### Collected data
▬▬▬▬▬▬▬▬▬▬

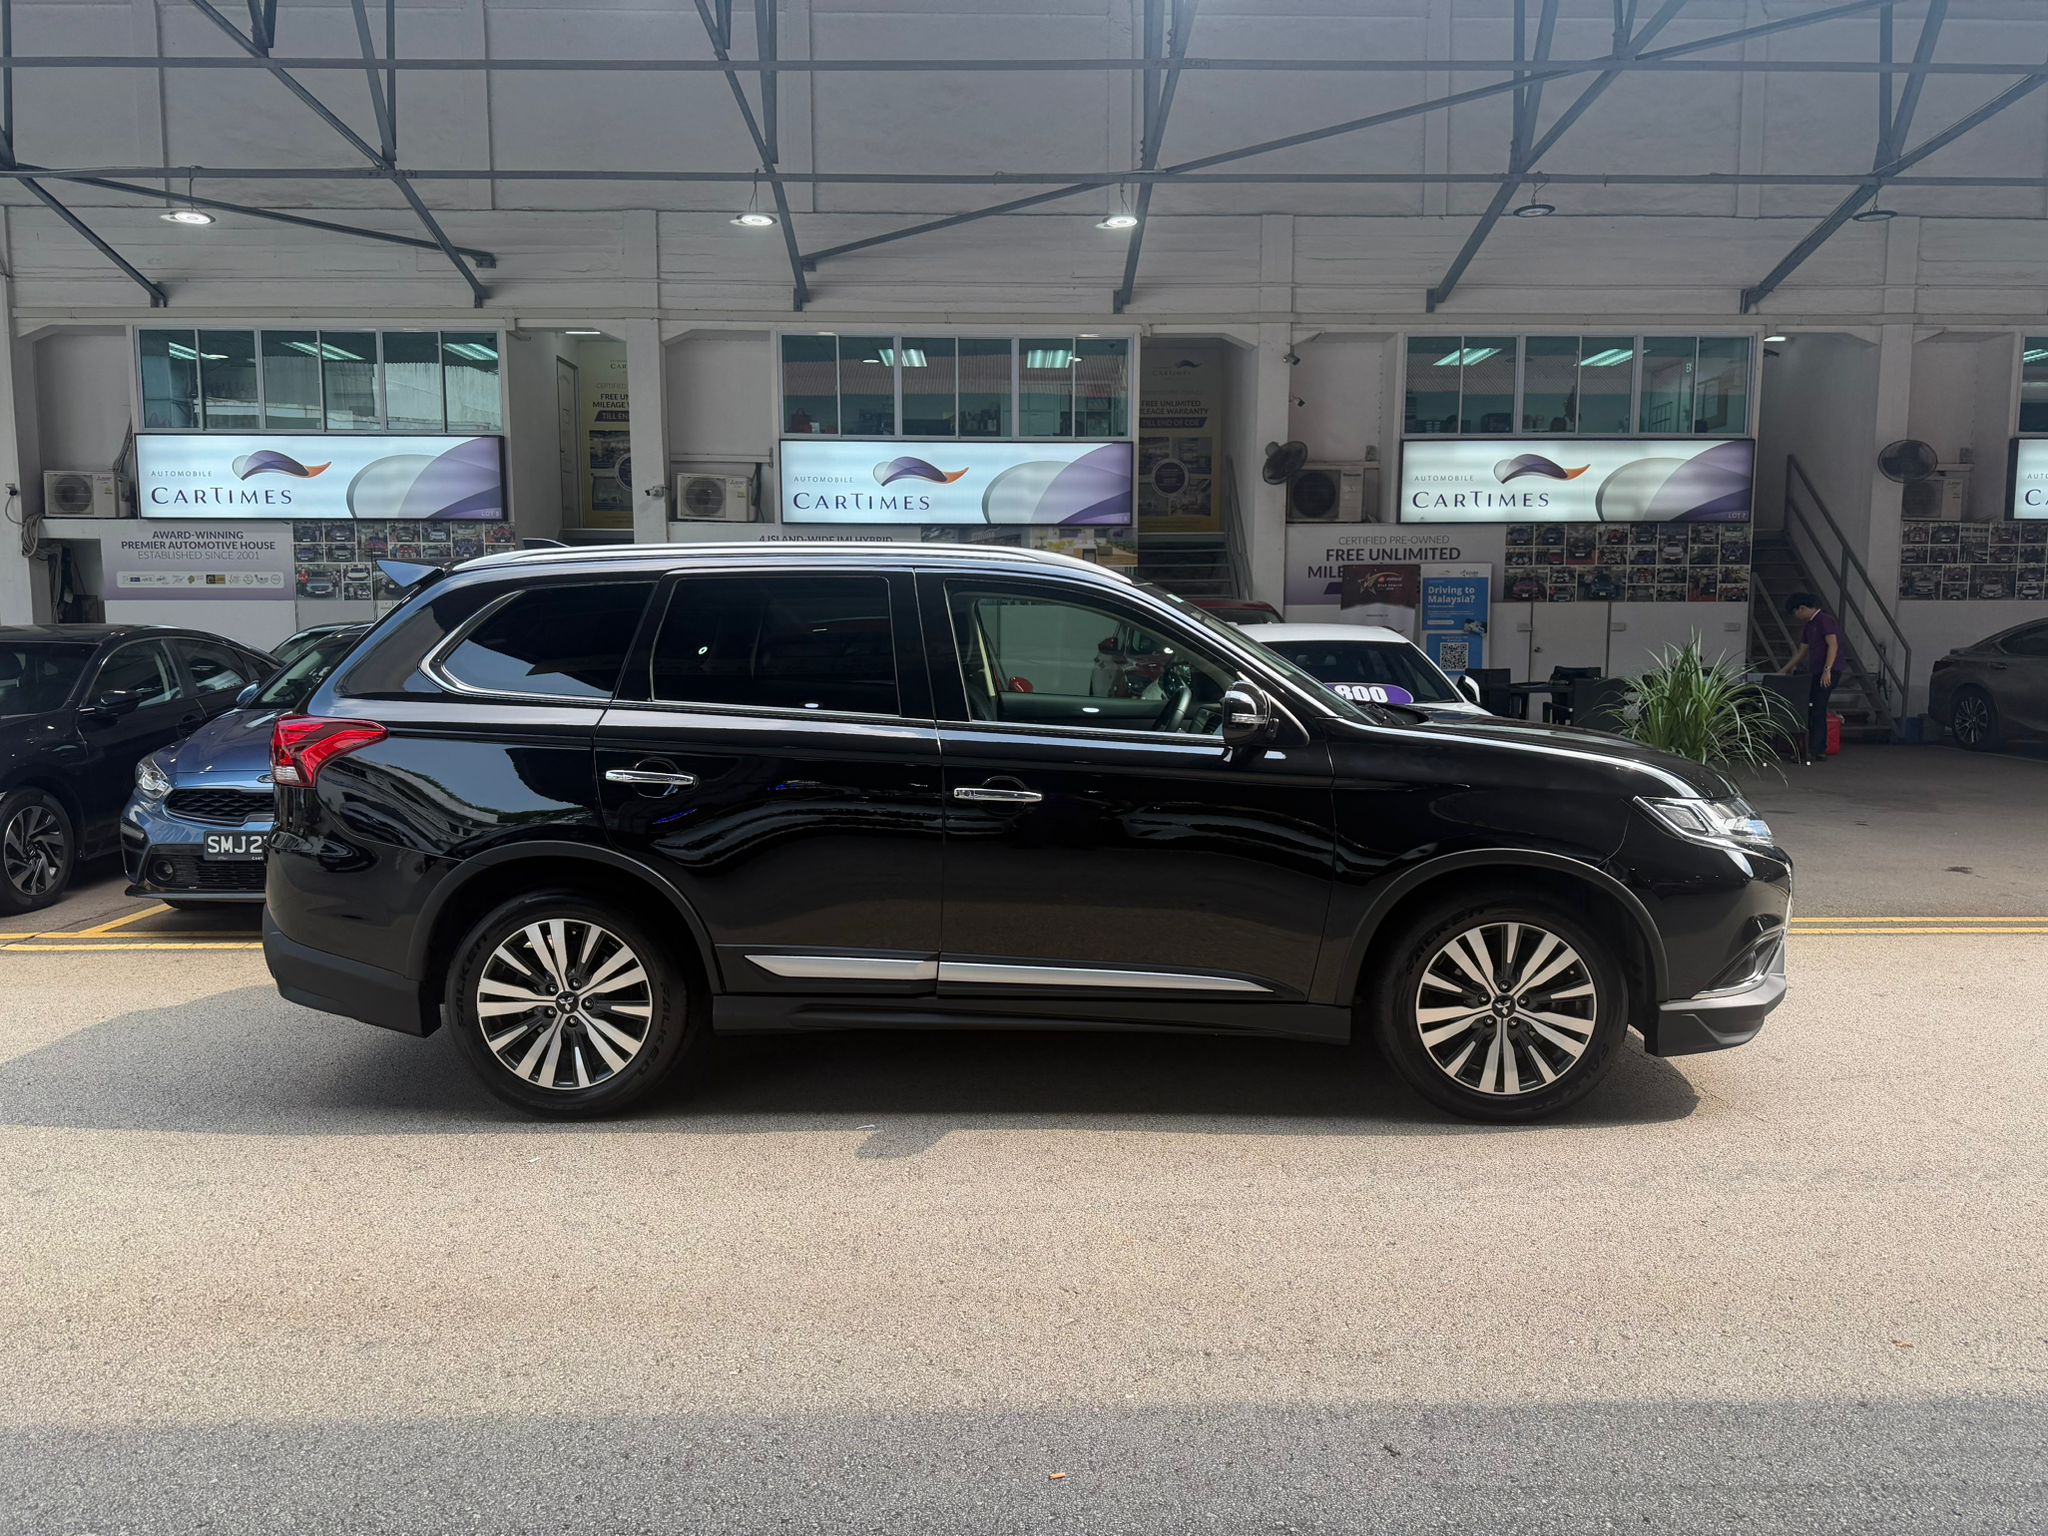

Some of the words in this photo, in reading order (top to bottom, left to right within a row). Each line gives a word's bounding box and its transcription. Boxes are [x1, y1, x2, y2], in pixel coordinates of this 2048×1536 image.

[600, 393, 619, 401] FREE
[593, 401, 626, 409] MILEAGE
[151, 486, 293, 505] CARTIMES
[1412, 491, 1550, 509] CARTIMES
[793, 492, 931, 511] CARTIMES
[152, 530, 244, 540] AWARD-WINNING
[1338, 535, 1387, 545] CERTIFIED
[1389, 535, 1450, 545] PRE-OWNED
[121, 541, 166, 550] PREMIER
[168, 541, 238, 550] AUTOMOTIVE
[240, 541, 275, 550] HOUSE
[138, 551, 202, 560] ESTABLISHED
[205, 551, 234, 560] SINCE
[236, 551, 260, 560] 2001
[1326, 548, 1365, 562] FREE
[1369, 547, 1461, 561] UNLIMITED
[1308, 566, 1343, 578] MILE
[1427, 586, 1463, 596] Driving
[1464, 586, 1475, 594] to
[1427, 595, 1475, 605] Malaysia?
[207, 835, 268, 854] SMJ2
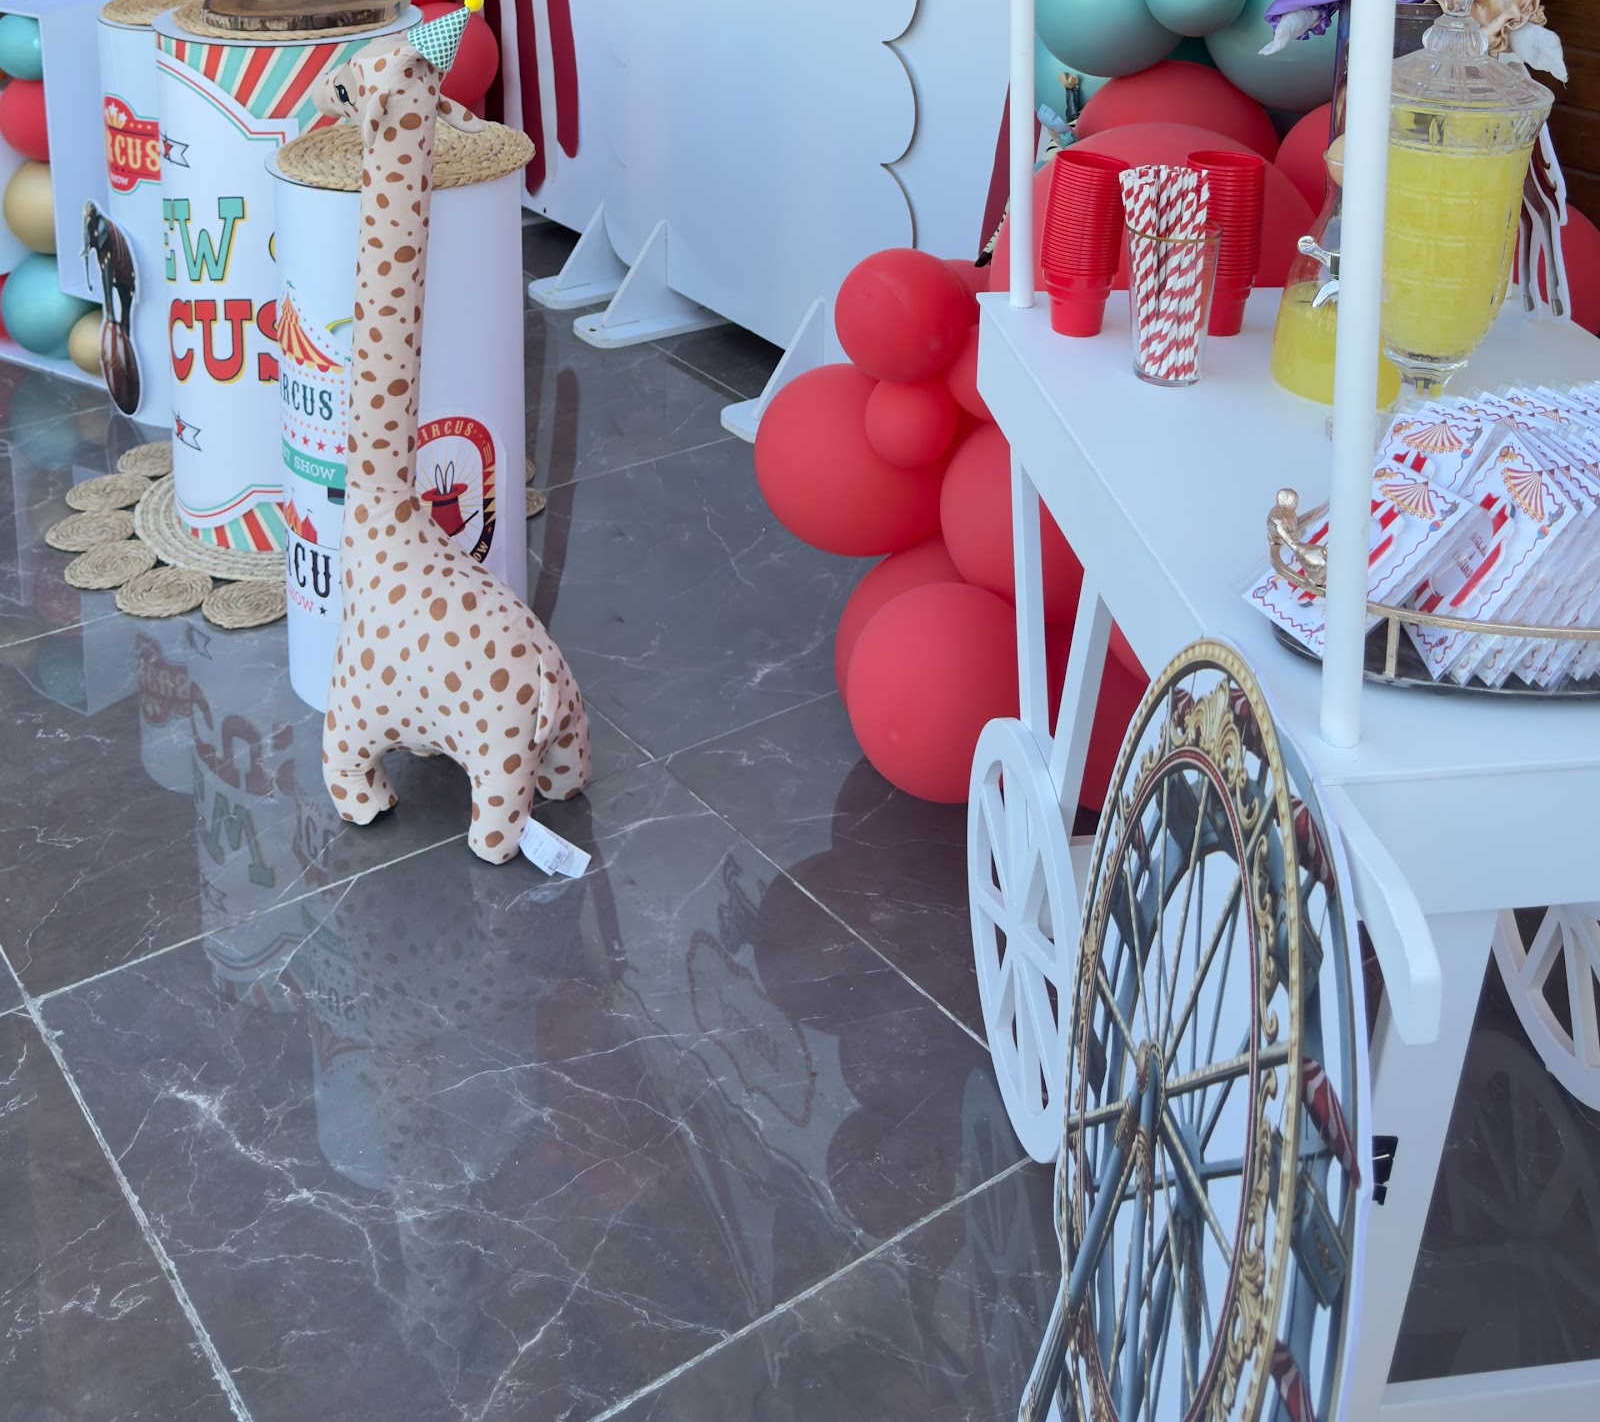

▬▬▬▬▬▬▬▬▬▬

### Description of the task
Reproduce the data above in full, exactly, with the images removed.

### Response area
Some of the words in this photo, in reading order (top to bottom, left to right within a row). Each line gives a word's bounding box and its transcription. Boxes are [x1, y1, x2, y2], in pixel coordinates of this 2048×1536 image.

[600, 393, 619, 401] FREE
[593, 401, 626, 409] MILEAGE
[151, 486, 293, 505] CARTIMES
[1412, 491, 1550, 509] CARTIMES
[793, 492, 931, 511] CARTIMES
[152, 530, 244, 540] AWARD-WINNING
[1338, 535, 1387, 545] CERTIFIED
[1389, 535, 1450, 545] PRE-OWNED
[121, 541, 166, 550] PREMIER
[168, 541, 238, 550] AUTOMOTIVE
[240, 541, 275, 550] HOUSE
[138, 551, 202, 560] ESTABLISHED
[205, 551, 234, 560] SINCE
[236, 551, 260, 560] 2001
[1326, 548, 1365, 562] FREE
[1369, 547, 1461, 561] UNLIMITED
[1308, 566, 1343, 578] MILE
[1427, 586, 1463, 596] Driving
[1464, 586, 1475, 594] to
[1427, 595, 1475, 605] Malaysia?
[207, 835, 268, 854] SMJ2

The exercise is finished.